# [HOW TO COMPLETE THIS TASK]
What you return must match the entries exactly, except that the pictures are gone.

# [INFORMATION SHOWN]
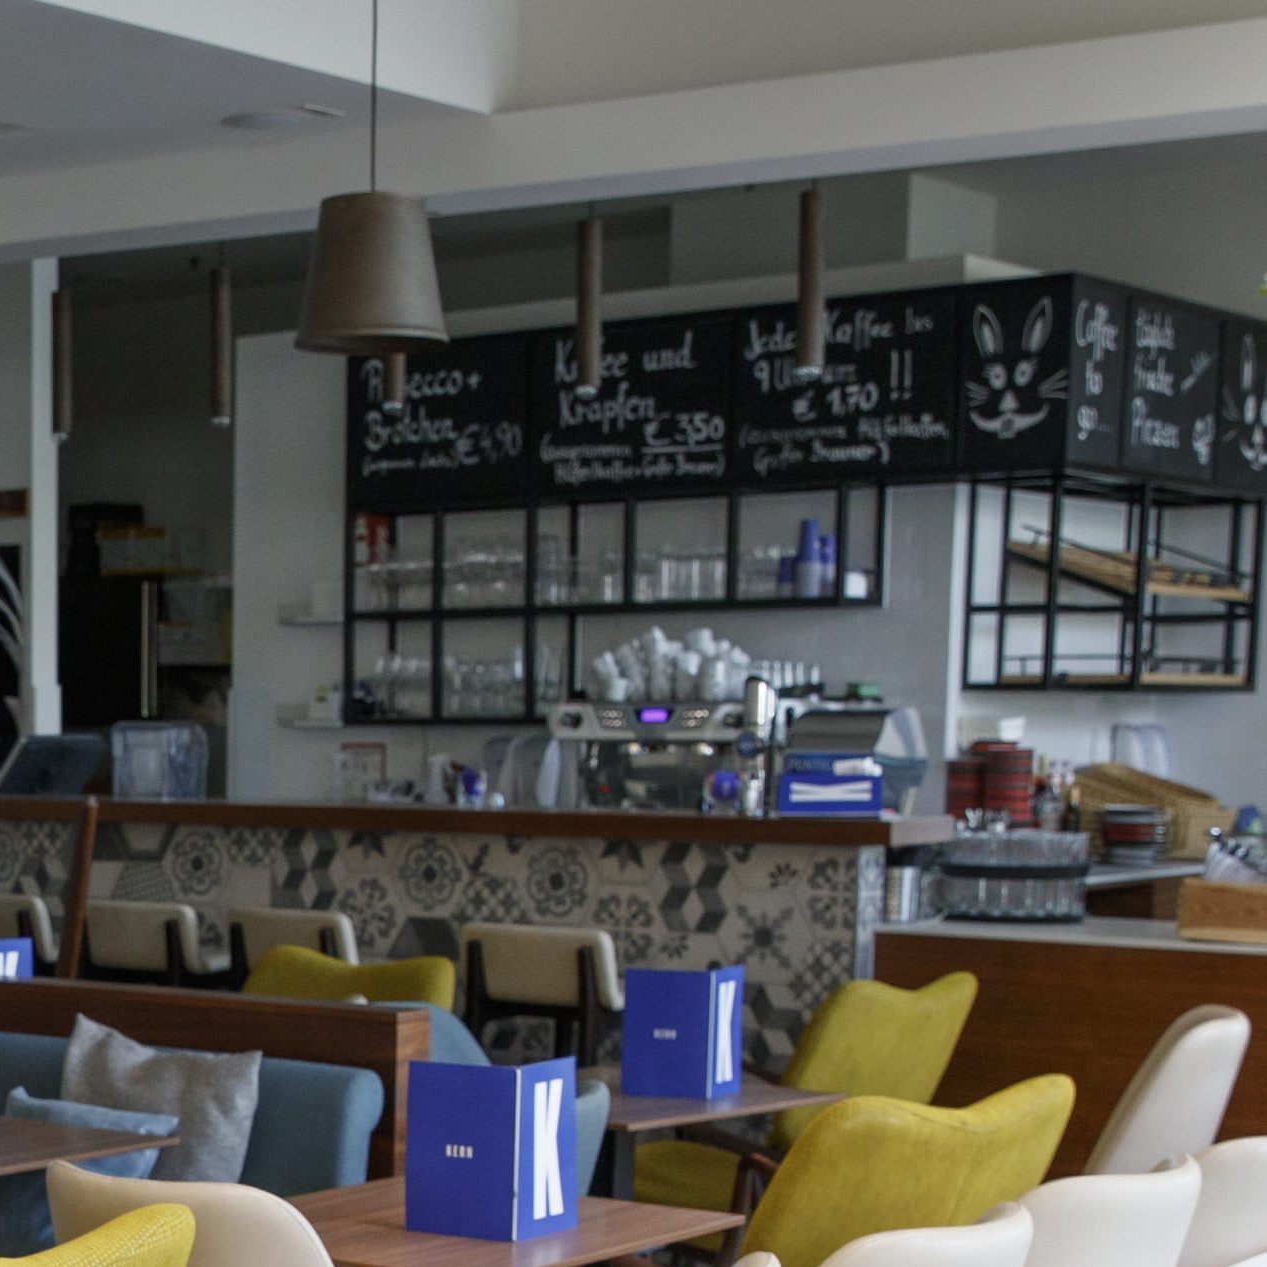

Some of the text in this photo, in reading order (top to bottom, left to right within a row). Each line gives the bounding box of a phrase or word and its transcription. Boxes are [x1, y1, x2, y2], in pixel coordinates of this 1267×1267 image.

[642, 329, 697, 373] und
[558, 380, 656, 435] Krapfen
[715, 979, 737, 1085] K
[445, 1143, 474, 1159] KERN
[533, 1077, 565, 1222] K

# [PROBLEM SOLUTION]
Some of the text in this photo, in reading order (top to bottom, left to right within a row). Each line gives the bounding box of a phrase or word and its transcription. Boxes are [x1, y1, x2, y2], in pixel coordinates of this 1267×1267 image.

[642, 329, 697, 373] und
[558, 380, 656, 435] Krapfen
[715, 979, 737, 1085] K
[445, 1143, 474, 1159] KERN
[533, 1077, 565, 1222] K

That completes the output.